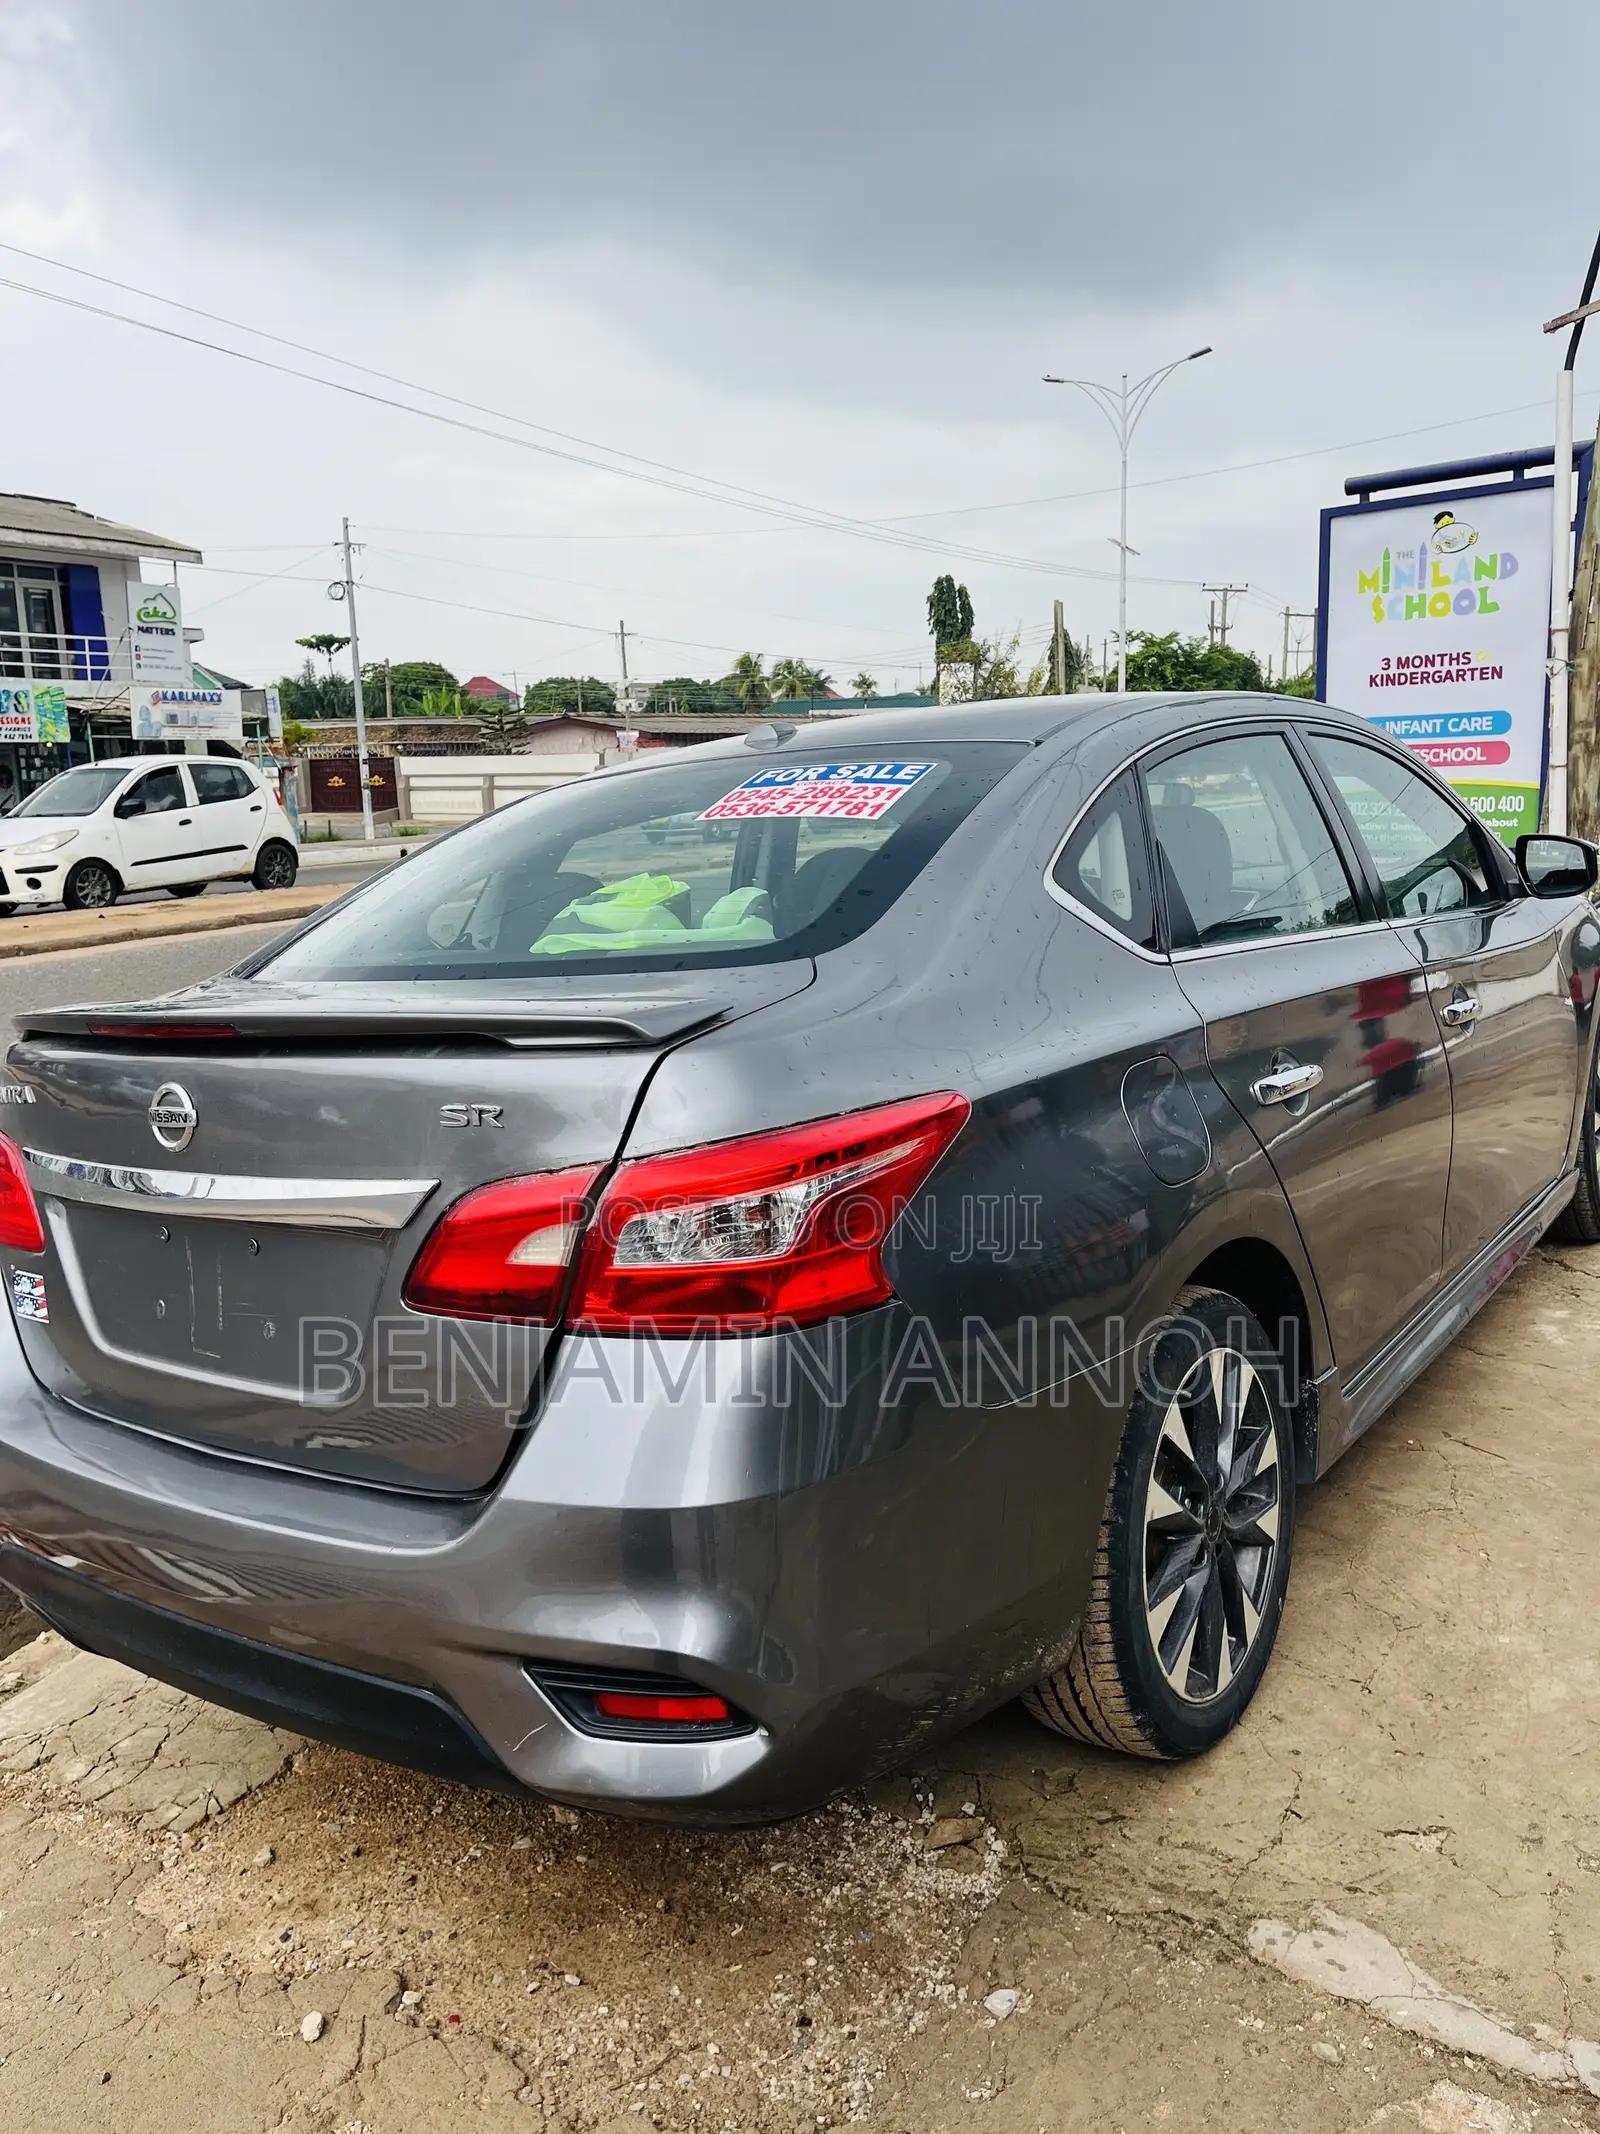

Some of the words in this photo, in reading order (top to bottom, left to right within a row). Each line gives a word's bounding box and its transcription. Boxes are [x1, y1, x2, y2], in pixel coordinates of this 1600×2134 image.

[1396, 551, 1415, 560] THE
[1358, 542, 1519, 594] MINILAND
[1372, 586, 1500, 624] SCHOOL
[137, 626, 176, 636] MATTERS
[1381, 658, 1391, 671] 3
[1396, 652, 1471, 670] MONTHS
[1369, 666, 1503, 687] KINDERGARTEN
[162, 690, 222, 703] KARLMAXX
[1385, 719, 1444, 734] INFANT
[1448, 716, 1493, 732] CARE
[753, 767, 828, 785] FOR
[829, 764, 926, 780] SALE
[723, 786, 903, 803] 0245-288231
[704, 801, 886, 818] 0536-571781
[1498, 795, 1524, 812] 400
[150, 1110, 188, 1124] NISSAN
[440, 1103, 504, 1128] SR

YOUR TASK: Each entry above should be given again exactly, with its pictures omitted.

EXERCISE RESULT:
Some of the words in this photo, in reading order (top to bottom, left to right within a row). Each line gives a word's bounding box and its transcription. Boxes are [x1, y1, x2, y2], in pixel coordinates of this 1600×2134 image.

[1396, 551, 1415, 560] THE
[1358, 542, 1519, 594] MINILAND
[1372, 586, 1500, 624] SCHOOL
[137, 626, 176, 636] MATTERS
[1381, 658, 1391, 671] 3
[1396, 652, 1471, 670] MONTHS
[1369, 666, 1503, 687] KINDERGARTEN
[162, 690, 222, 703] KARLMAXX
[1385, 719, 1444, 734] INFANT
[1448, 716, 1493, 732] CARE
[753, 767, 828, 785] FOR
[829, 764, 926, 780] SALE
[723, 786, 903, 803] 0245-288231
[704, 801, 886, 818] 0536-571781
[1498, 795, 1524, 812] 400
[150, 1110, 188, 1124] NISSAN
[440, 1103, 504, 1128] SR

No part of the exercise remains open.